The COVID-19 pandemic that’s currently ravaging the world started with a simple virus in an animal. Viruses like this, which can jump from animal to human, are called zoonotic viruses. They account for 75 percent of all the emerging diseases people grapple with today and are one of the most critical areas of study when it comes to protecting public health.
Epidemiologist Christine Kreuder Johnson knows that a virus carried by wildlife in any seemingly far-flung corner of the world can potentially threaten the health of humans globally. She studies how viruses in animals “spill over” into human populations as associate director of the One Health Institute at the University of California, Davis. “One Health” is a framework for thinking about how the health of people, animals, and our shared environment are all connected.
Johnson is the lead author of a new study that found that domesticated animals, along with wildlife that have adapted to humans encroaching on their habitats, like bats and rodents, are responsible for a majority of viruses studied to date that have afflicted human beings after originating in animals. Those results are evidence that the effects humans have on animals can have grave consequences on our own well-being.
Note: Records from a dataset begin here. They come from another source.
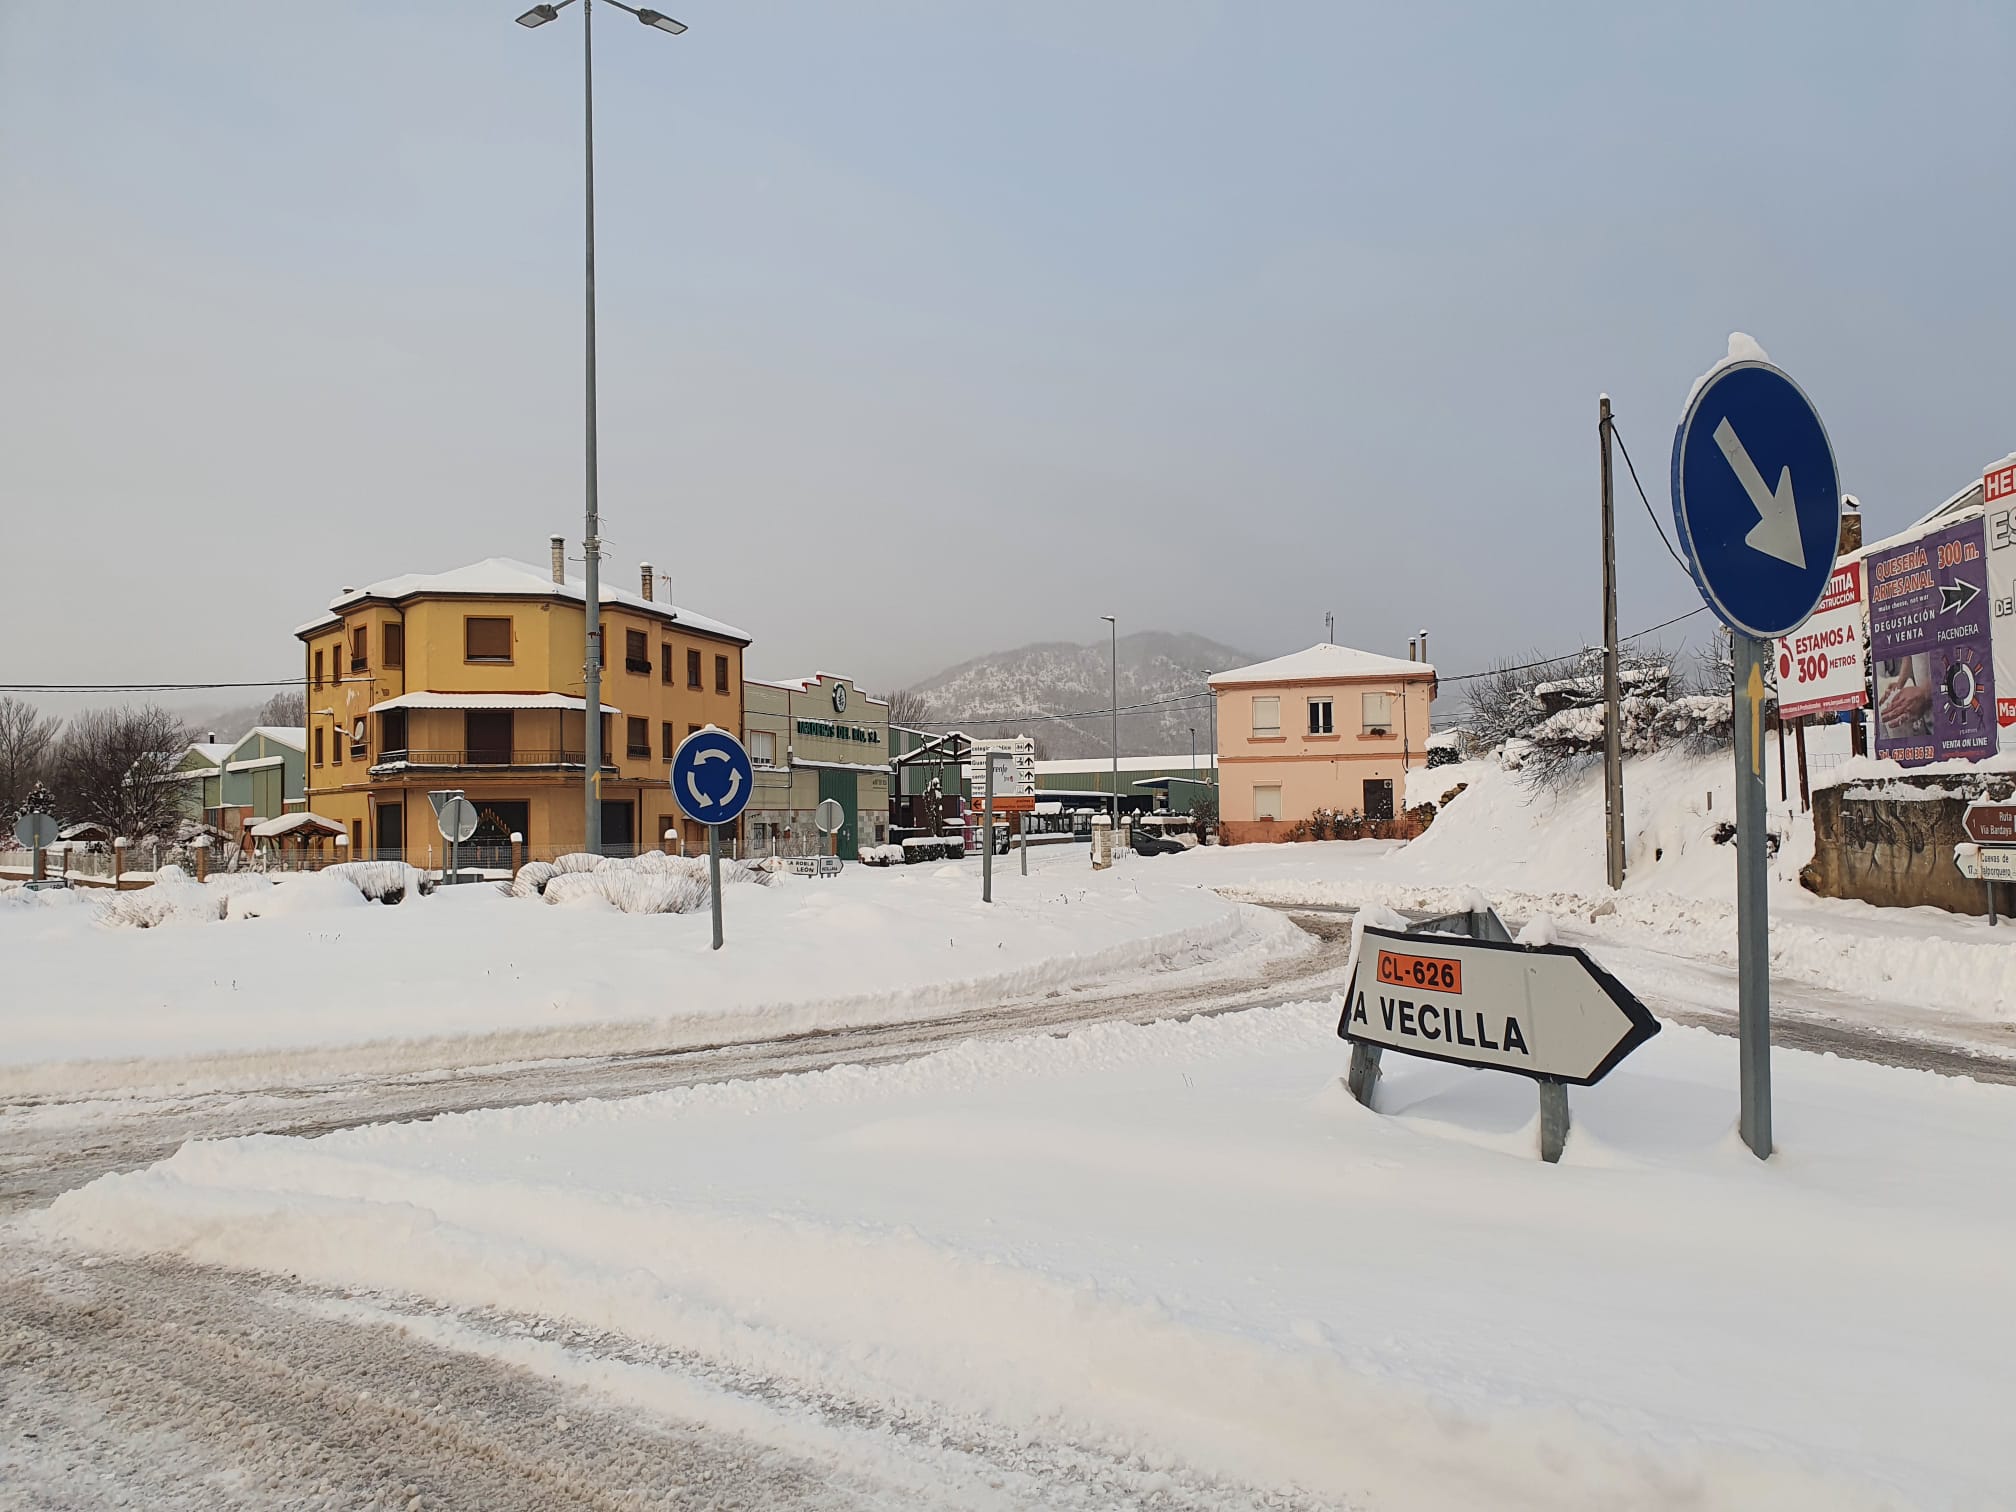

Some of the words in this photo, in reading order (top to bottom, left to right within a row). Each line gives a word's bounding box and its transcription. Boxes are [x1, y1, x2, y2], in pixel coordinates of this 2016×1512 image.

[1987, 468, 2016, 499] HE
[1875, 546, 1928, 582] QUESERÍA
[1937, 540, 1962, 569] 300
[1963, 542, 1980, 562] m.
[1872, 569, 1934, 603] ARTESANAL
[1995, 597, 2012, 618] DE
[1874, 609, 1936, 633] DEGUSTACIÓN
[1937, 624, 1979, 642] FACENDERA
[1795, 627, 1843, 655] ESTAMOS
[1846, 624, 1855, 643] A
[1886, 634, 1892, 645] Y
[1895, 627, 1924, 643] VENTA
[1797, 652, 1828, 684] 300
[1829, 654, 1856, 670] METROS
[1999, 700, 2016, 718] Ma
[1942, 739, 1961, 750] VENTA
[1961, 738, 1972, 748] ON
[1999, 811, 2012, 822] Ruta
[2001, 853, 2009, 863] de
[1381, 956, 1455, 990] CL-626
[1380, 996, 1530, 1056] VECILLA
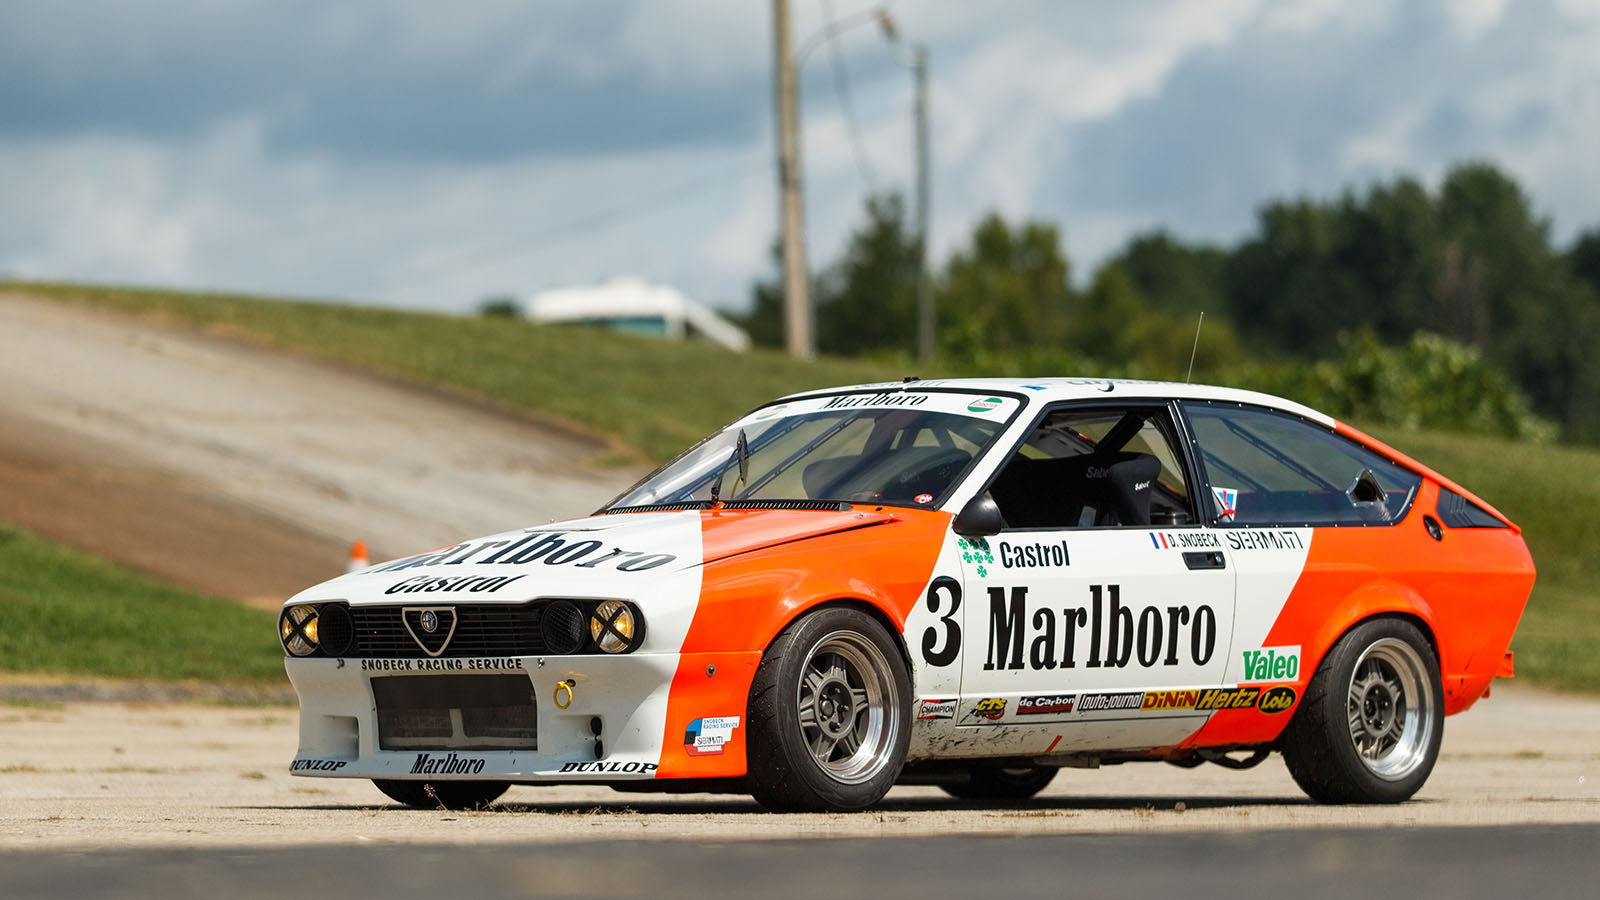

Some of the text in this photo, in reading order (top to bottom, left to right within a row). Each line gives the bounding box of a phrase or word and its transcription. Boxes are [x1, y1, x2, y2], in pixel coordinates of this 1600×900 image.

[819, 392, 928, 410] Marlboro
[1167, 533, 1221, 547] D. SNOBECK
[1226, 531, 1304, 549] SERMATI
[1000, 540, 1070, 568] Castrol
[384, 575, 529, 594] Castrol
[921, 575, 962, 667] 3
[983, 584, 1217, 671] Marlboro
[361, 658, 523, 671] SNOBECK RACING SERVICE
[1242, 650, 1298, 680] Valeo
[1019, 696, 1075, 707] de Carbon
[1198, 689, 1258, 709] Hertz
[1261, 691, 1292, 709] Lois
[922, 705, 955, 713] CHAMPION
[410, 753, 485, 775] Marlboro
[559, 762, 659, 774] DUNLOP
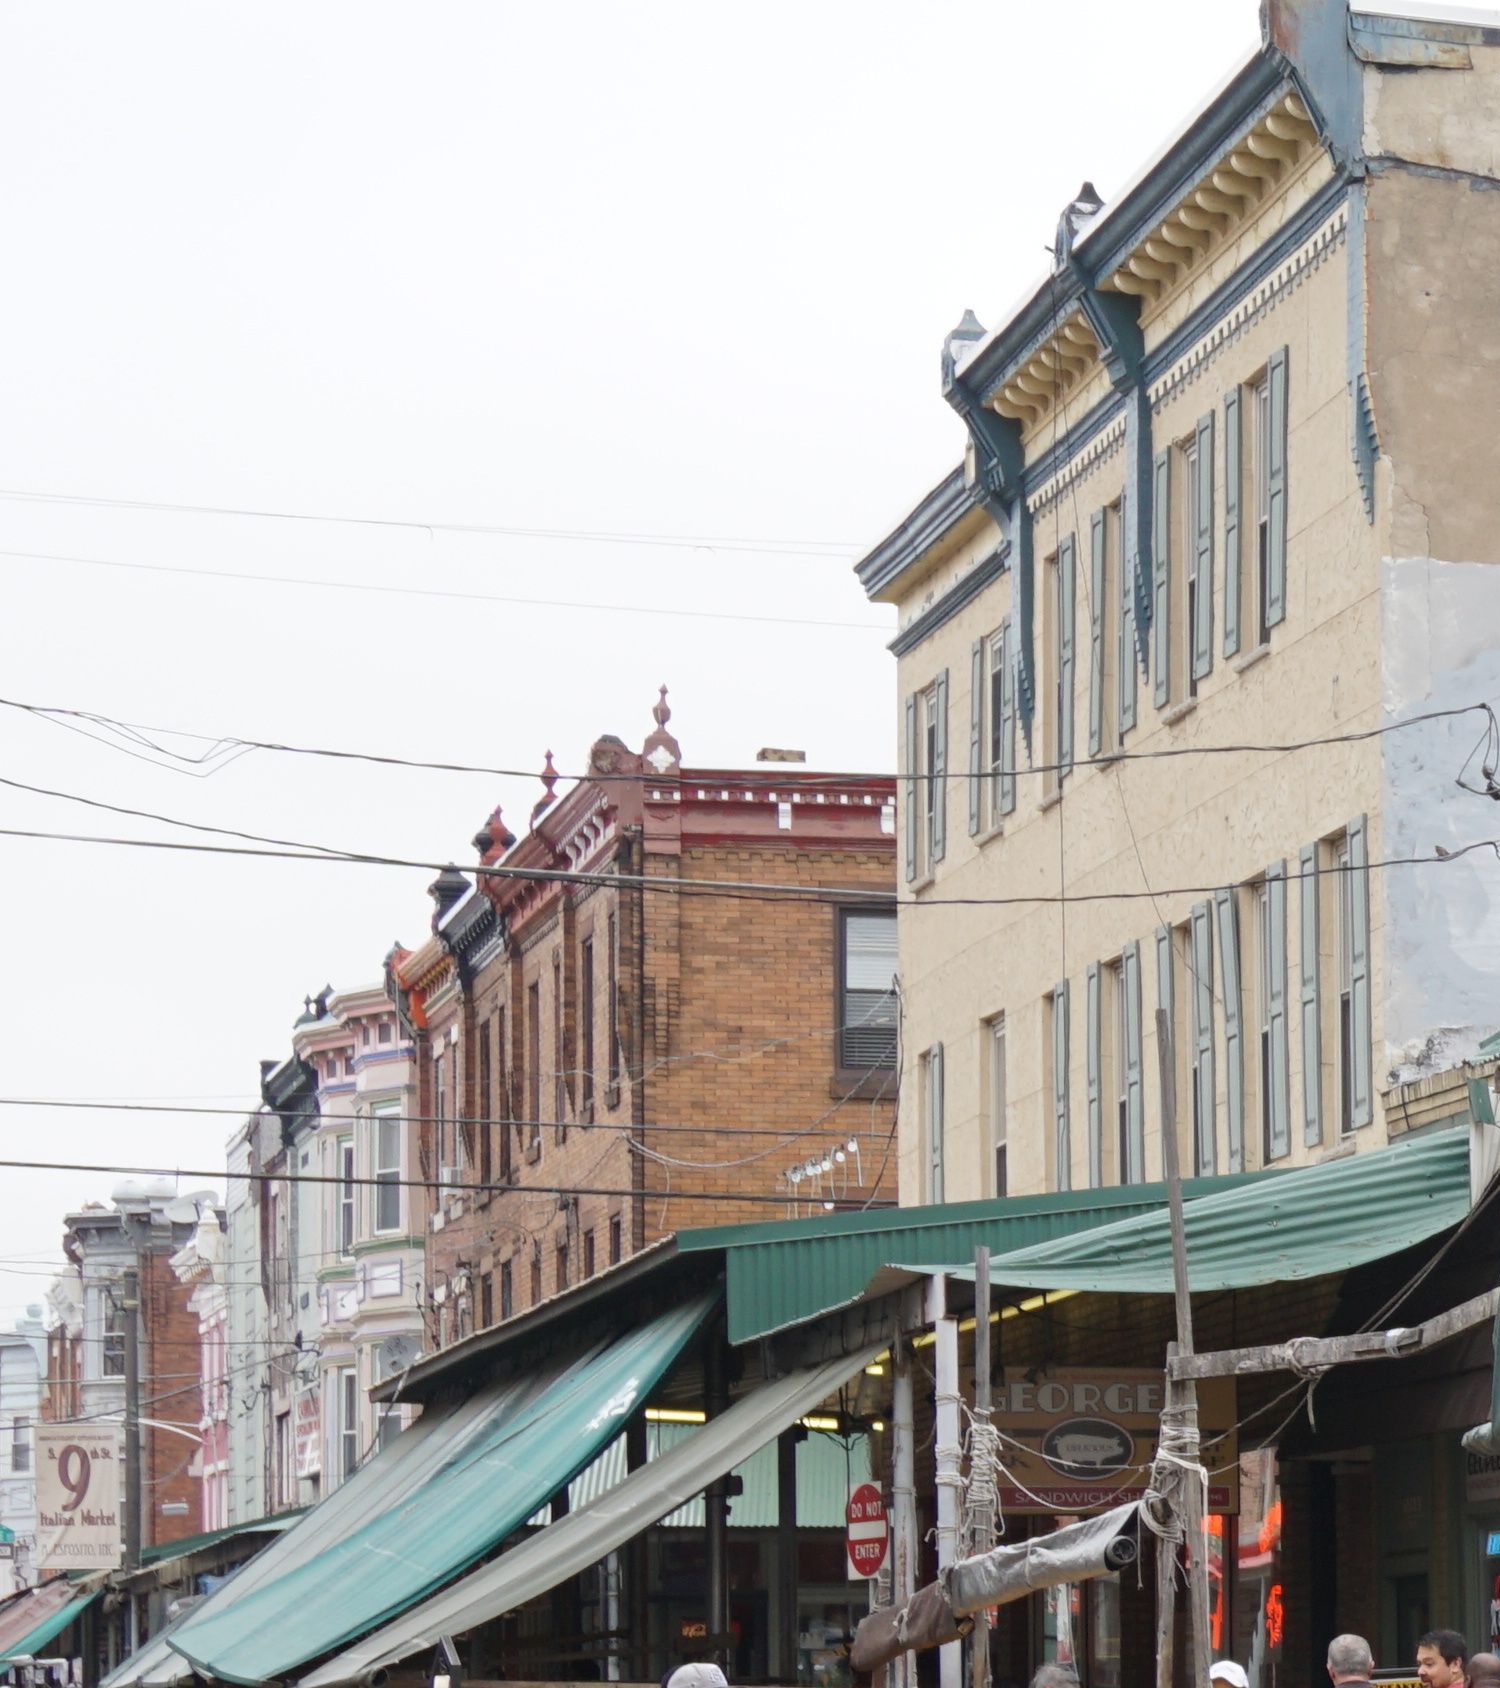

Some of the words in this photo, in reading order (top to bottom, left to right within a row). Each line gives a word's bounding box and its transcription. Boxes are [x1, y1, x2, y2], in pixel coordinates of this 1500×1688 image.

[992, 1382, 1162, 1413] EORGE
[57, 1444, 91, 1511] 9
[1015, 1491, 1113, 1504] SANDWICH
[1117, 1491, 1144, 1504] SH
[40, 1510, 75, 1526] Italian
[80, 1508, 116, 1526] Market
[851, 1504, 862, 1517] DO
[865, 1502, 882, 1516] NOT
[855, 1543, 881, 1560] ENTER
The study was funded through the USAID Emerging Pandemic Threat Predict program. Since 2009, that program has collected over 140,000 biological samples from animals to identify 1,200 viruses — including more than 140 new coronaviruses — that could one day pose another global threat. Over the next several months, they’ll comb through their samples to see if the novel coronavirus might have jumped from animal to human even earlier than suspected since it can often go unnoticed before an outbreak erupts.